1) Schema structure and keywords
A JSON Schema document is itself a JSON object. The top-level $schema keyword declares which draft version to use:
{
"$schema": "https://json-schema.org/draft/2020-12/schema",
"type": "object",
"properties": {
"name": {"type": "string", "minLength": 1, "maxLength": 200},
"email": {"type": "string", "format": "email"},
"age": {"type": "integer", "minimum": 0, "maximum": 150},
"tags": {
"type": "array",
"items": {"type": "string", "maxLength": 50},
"minItems": 0,
"maxItems": 20,
"uniqueItems": true
},
"address": {"$ref": "#/$defs/address"}
},
"required": ["name", "email"],
"additionalProperties": false,
"$defs": {
"address": {
"type": "object",
"properties": {
"street": {"type": "string"},
"city": {"type": "string"},
"country": {"type": "string", "pattern": "^[A-Z]{2}$"}
},
"required": ["city", "country"]
}
}
}
Key keywords by category:
Structural: type, properties, items, prefixItems (Draft 2020-12), additionalProperties, patternProperties.

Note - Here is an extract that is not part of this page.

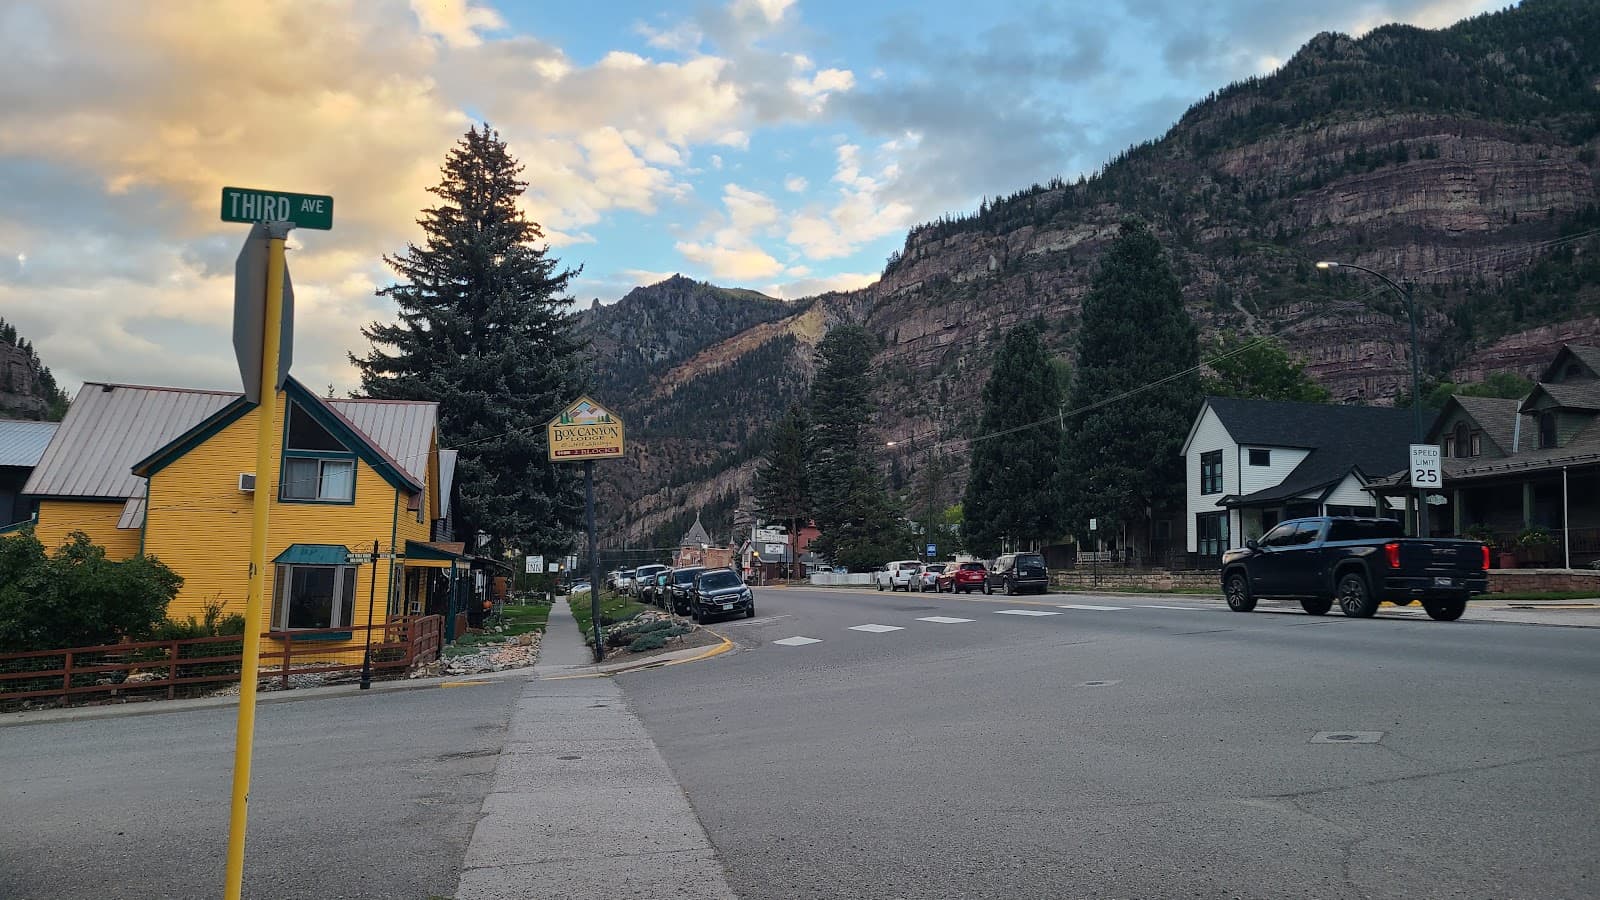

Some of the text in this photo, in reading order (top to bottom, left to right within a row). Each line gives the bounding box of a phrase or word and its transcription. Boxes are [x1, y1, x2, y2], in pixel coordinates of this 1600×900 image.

Numeric: minimum, maximum, exclusiveMinimum, exclusiveMaximum, multipleOf.
String: minLength, maxLength, pattern, format.
Array: minItems, maxItems, uniqueItems, contains, minContains, maxContains.
Composition: allOf, anyOf, oneOf, not, if/then/else.
References: $ref, $defs, $dynamicRef, $anchor.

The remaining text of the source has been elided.